Task to complete: Although the data below contains pictures, please reproduce only its words, exactly.

Provided records:
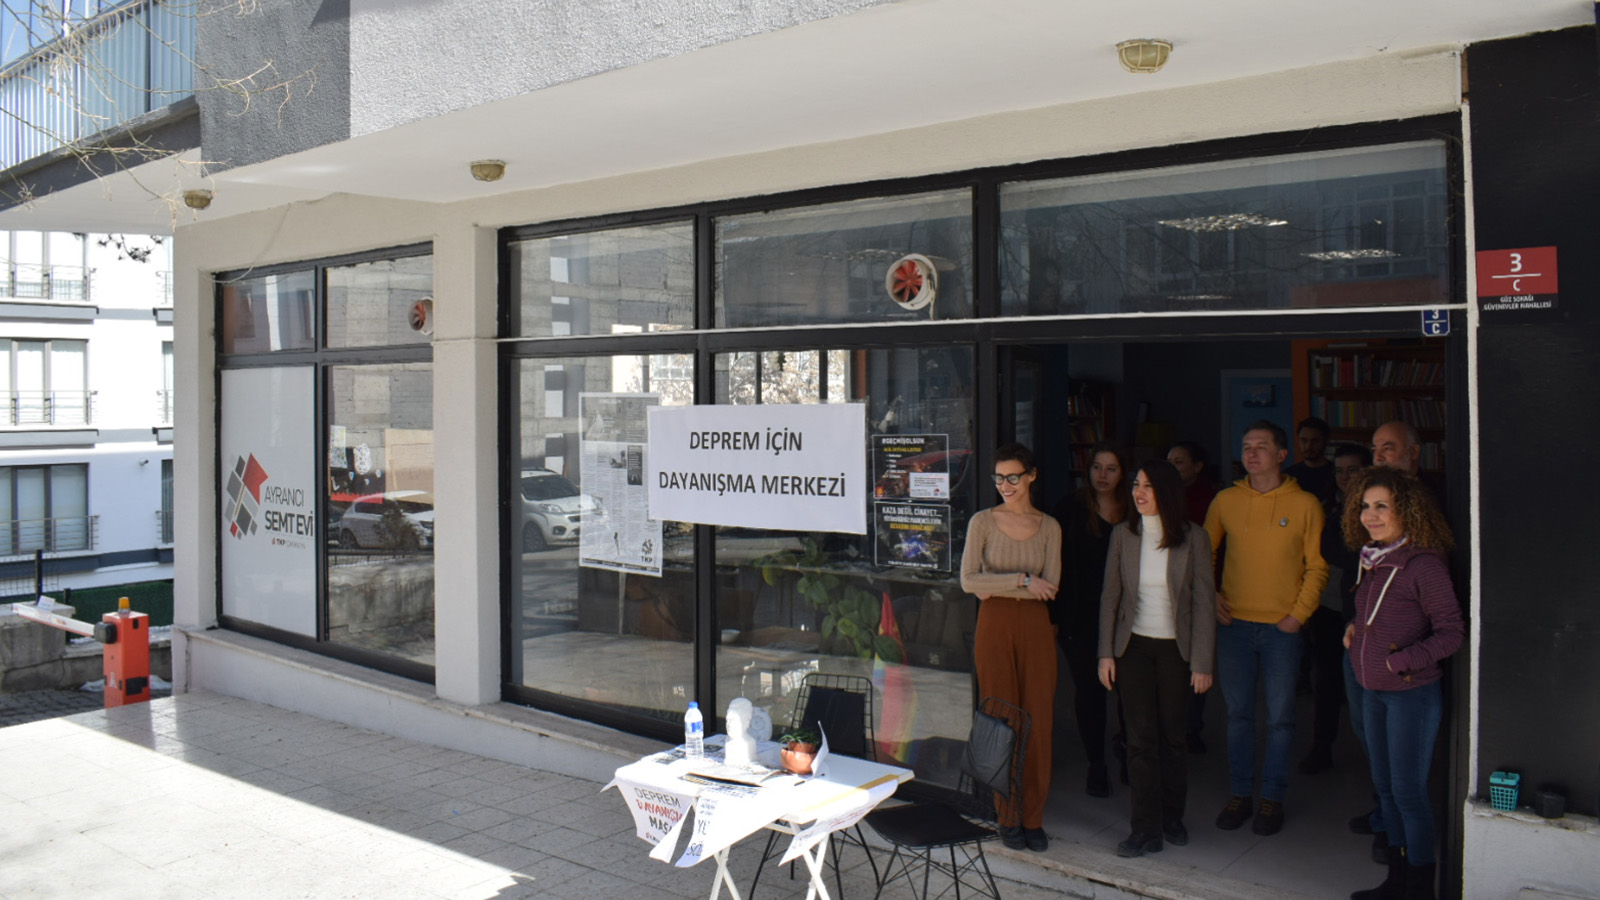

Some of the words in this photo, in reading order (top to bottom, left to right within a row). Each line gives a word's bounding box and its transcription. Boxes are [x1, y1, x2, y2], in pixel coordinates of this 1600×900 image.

[1510, 253, 1522, 272] 3
[1513, 279, 1521, 291] C
[1432, 309, 1438, 318] 3
[1432, 324, 1440, 334] C
[689, 431, 760, 450] DEPREM
[765, 427, 803, 456] İÇİN
[659, 471, 756, 496] DAYANIŞMA
[761, 472, 846, 497] MERKEZİ
[264, 486, 304, 507] AYRANCI
[265, 510, 295, 533] SEMT
[296, 510, 313, 536] EVİ
[634, 787, 682, 808] DEPREM

Output of the exercise:
Some of the words in this photo, in reading order (top to bottom, left to right within a row). Each line gives a word's bounding box and its transcription. Boxes are [x1, y1, x2, y2], in pixel coordinates of this 1600×900 image.

[1510, 253, 1522, 272] 3
[1513, 279, 1521, 291] C
[1432, 309, 1438, 318] 3
[1432, 324, 1440, 334] C
[689, 431, 760, 450] DEPREM
[765, 427, 803, 456] İÇİN
[659, 471, 756, 496] DAYANIŞMA
[761, 472, 846, 497] MERKEZİ
[264, 486, 304, 507] AYRANCI
[265, 510, 295, 533] SEMT
[296, 510, 313, 536] EVİ
[634, 787, 682, 808] DEPREM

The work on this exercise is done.